** Opening Supplied information block **

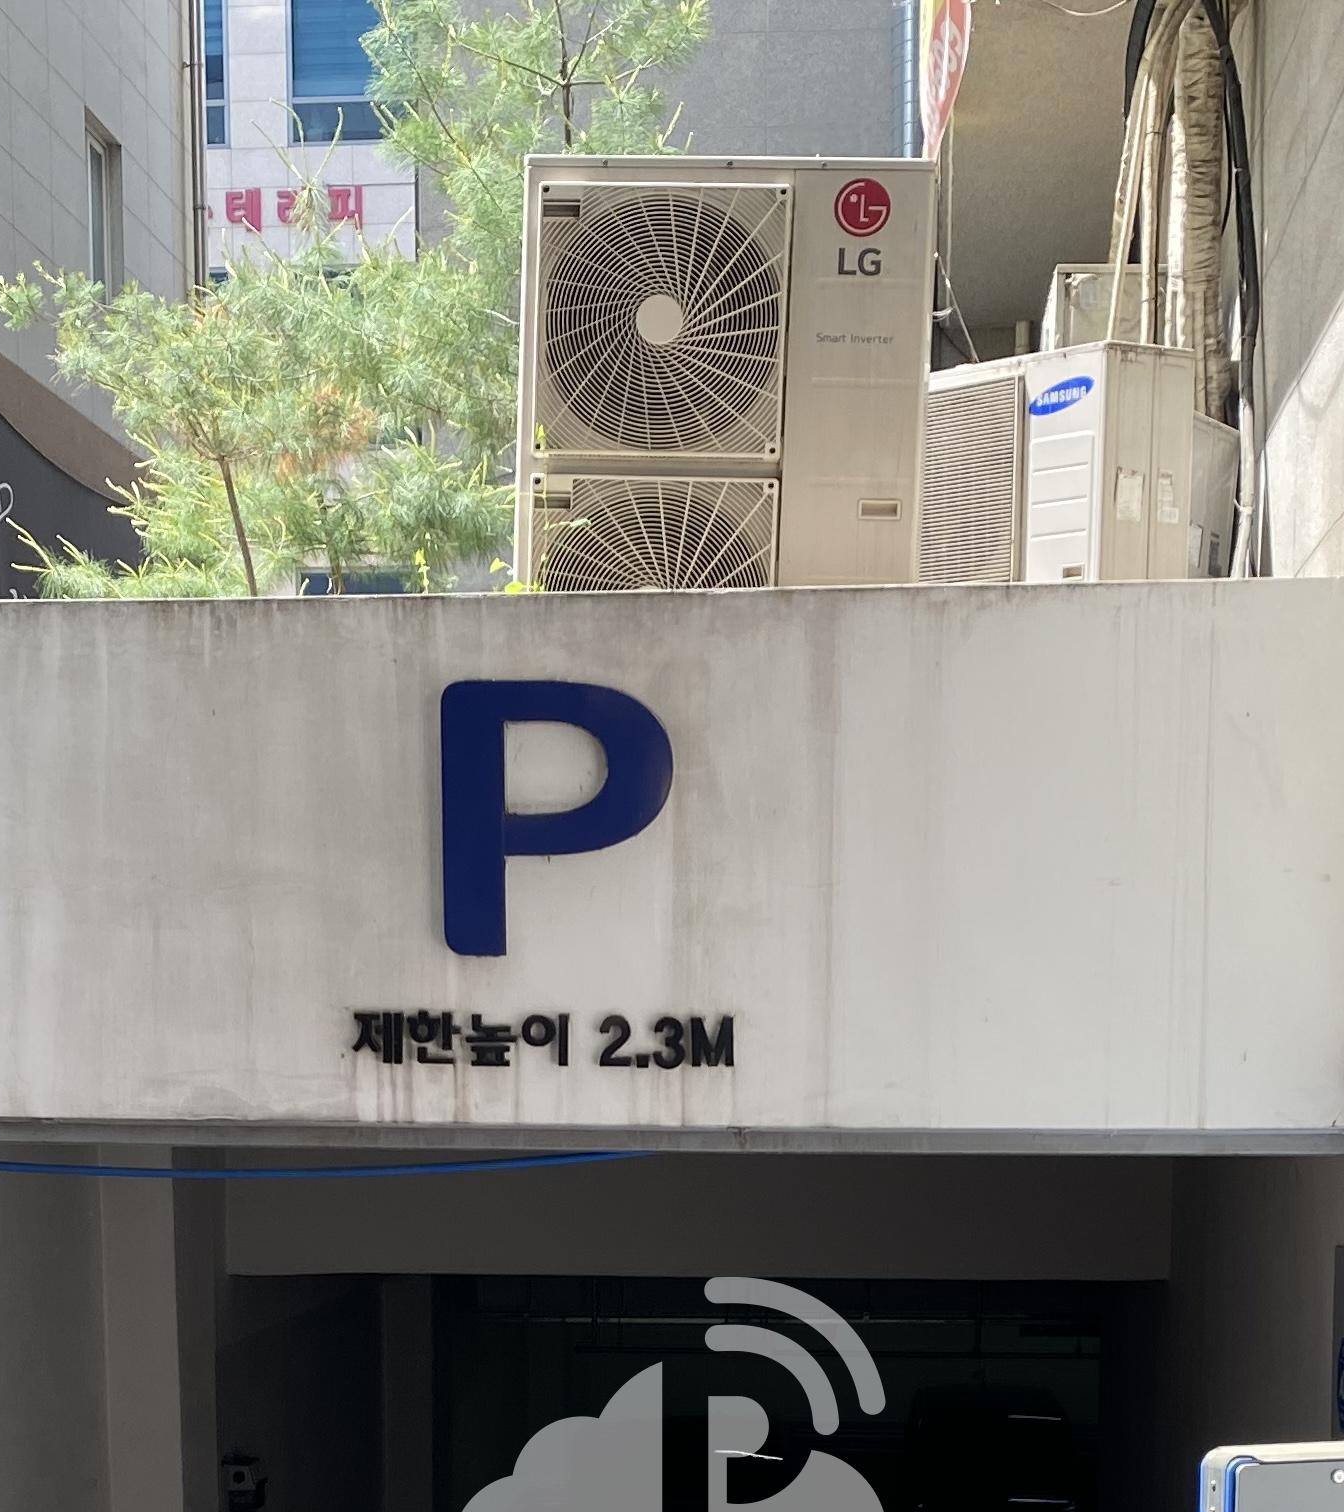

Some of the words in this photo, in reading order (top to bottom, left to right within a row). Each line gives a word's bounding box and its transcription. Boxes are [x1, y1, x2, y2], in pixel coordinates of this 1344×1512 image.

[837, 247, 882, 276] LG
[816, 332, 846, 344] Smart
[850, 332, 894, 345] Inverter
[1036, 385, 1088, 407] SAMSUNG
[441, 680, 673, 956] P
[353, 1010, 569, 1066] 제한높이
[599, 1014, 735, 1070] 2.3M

** Closing Supplied information block **

_Instructions for the task_.
Your copy should match the entries above exactly and contain no pictures.

_Worked solution_.
Some of the words in this photo, in reading order (top to bottom, left to right within a row). Each line gives a word's bounding box and its transcription. Boxes are [x1, y1, x2, y2], in pixel coordinates of this 1344×1512 image.

[837, 247, 882, 276] LG
[816, 332, 846, 344] Smart
[850, 332, 894, 345] Inverter
[1036, 385, 1088, 407] SAMSUNG
[441, 680, 673, 956] P
[353, 1010, 569, 1066] 제한높이
[599, 1014, 735, 1070] 2.3M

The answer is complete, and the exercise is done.